It actually happened, though, and as a result we now have the Prison Reform Trust, which apparently believes that a prison sentence should be used only for the likes of Peter Sutcliffe. And, even then, that he should be treated with tenderness and a lot of crisp Egyptian cotton.

Well, let me make something quite plain to the lily-livered eco-hippie vicars who think this way. If you come round to my house this evening, asking if I'd like to buy the man who stole my television a gift, I shall say, ‘Yes. But only if I can shove it up his bottom.'

It gets worse. Only last week one of the peace 'n' love brigade tried to claim that Britain's judiciary was in love with custodial sentences. Really? Because recently a furore erupted over a case in which Cherie Booth QC told a man found guilty of breaking another man's jaw that he would not go to prison because he was a religious person.

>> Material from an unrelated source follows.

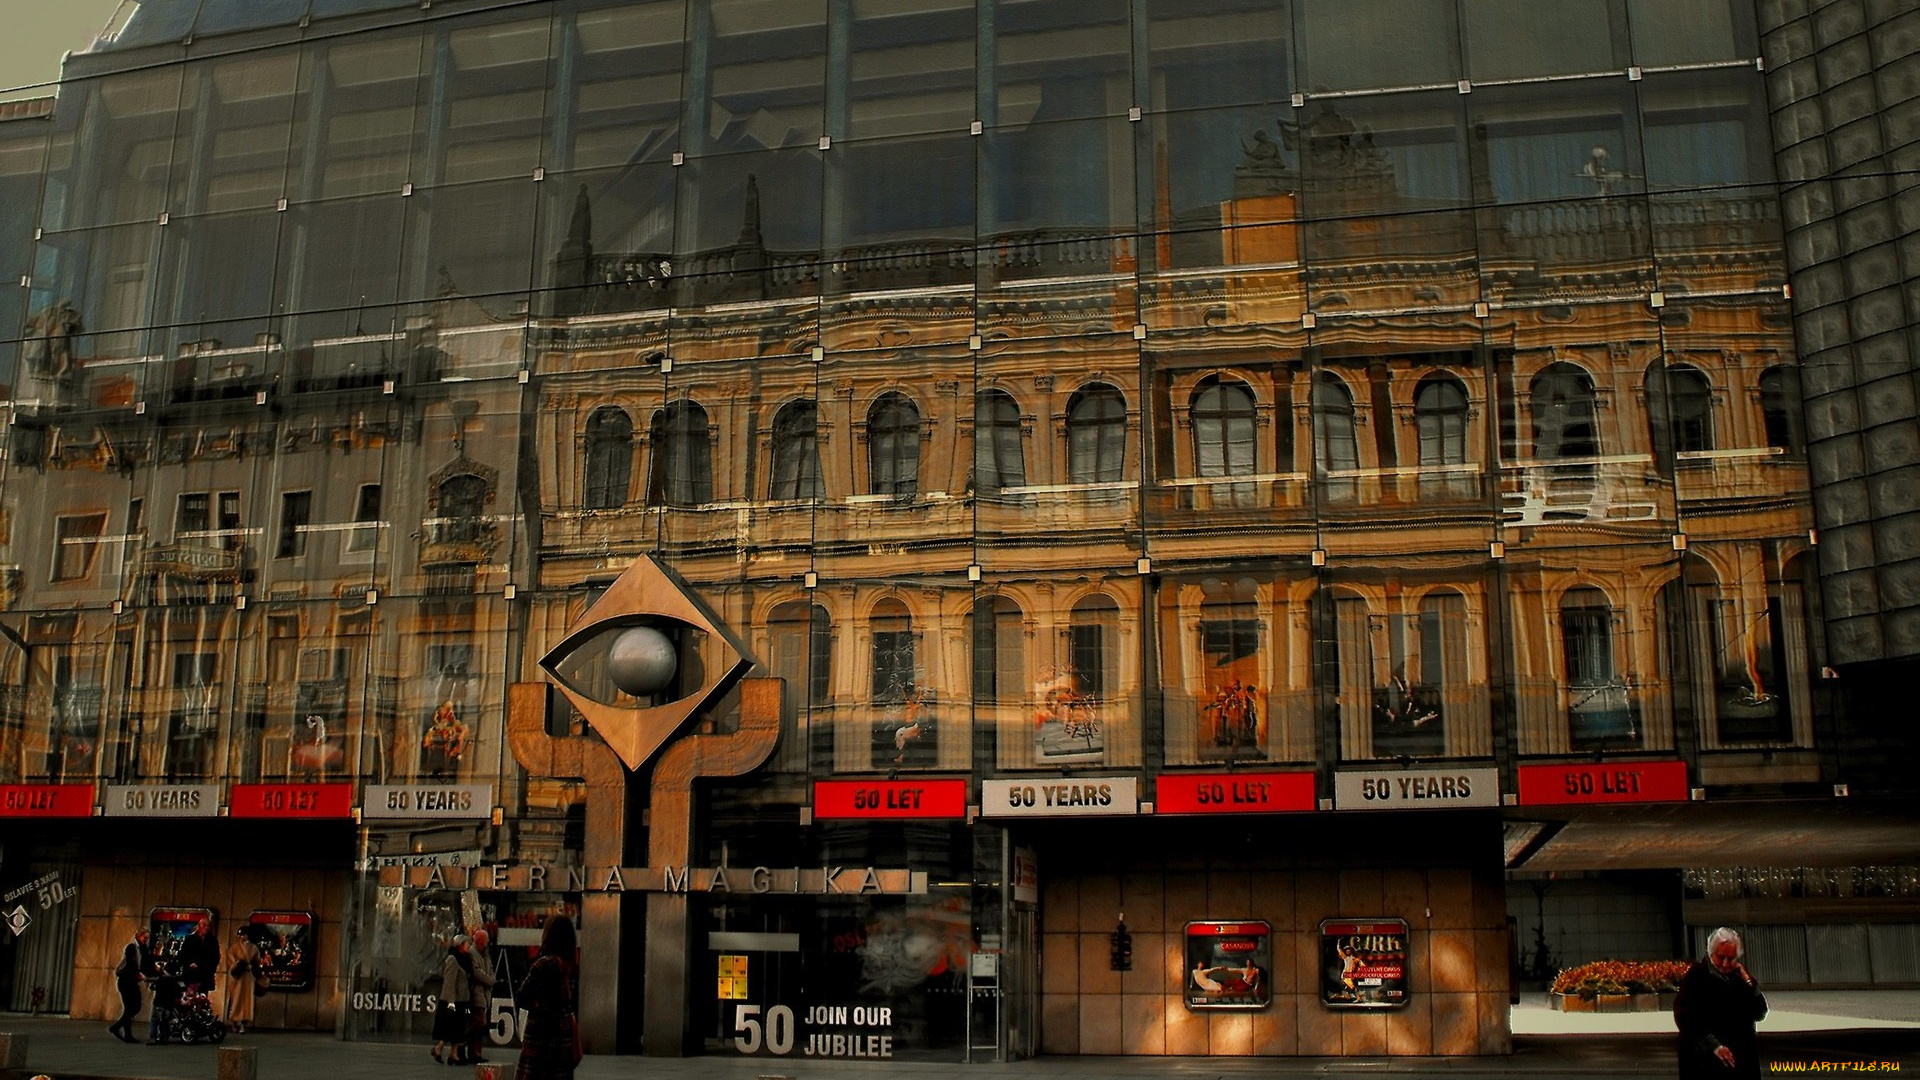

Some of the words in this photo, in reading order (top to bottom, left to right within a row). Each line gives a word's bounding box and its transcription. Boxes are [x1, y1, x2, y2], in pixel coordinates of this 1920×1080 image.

On that basis, the devout Osama bin Laden can hand himself in, knowing Cherie will simply fine him fifty quid. And the Archbishop of Canterbury now has carte blanche to kill as many badgers, and children, as he likes.

Strangely, however, the Haight-Ashbury views of the trust are shared by the outgoing head of the prison service. Yup. Mr Mackay wants fewer people sent to jail as well. And so, too, do the Prison Governors Association and Napo, the probation officers' union.

Such is the weight of opinion behind the call for more community-based punishments, I decided to do a spot of research. And I uncovered some interesting statistics. Last year 55,333 people were jailed for six months or less, at a cost of £350 million. And, apparently, as much as £300 million could be saved if they were given community jobs to do instead. That's a powerful argument, now that an ice cream costs £700.

And consider this. It seems that only 34 per cent of criminals given community punishments reoffend, compared with 74 per cent of those sent to a nice warm prison.

It's easy to see why this might be so. At present, criminals tend to mix with other criminals. I, for instance, do not know
any smugglers or murderers, and in all probability you don't either. That's because these people live in a society where their crimes are considered the norm. At my old school, the worse the misdemeanour, the greater the so-called ‘lad values' that encouraged us all to be more and more badly behaved. And I dare say it's much the same story in Wandsworth nick.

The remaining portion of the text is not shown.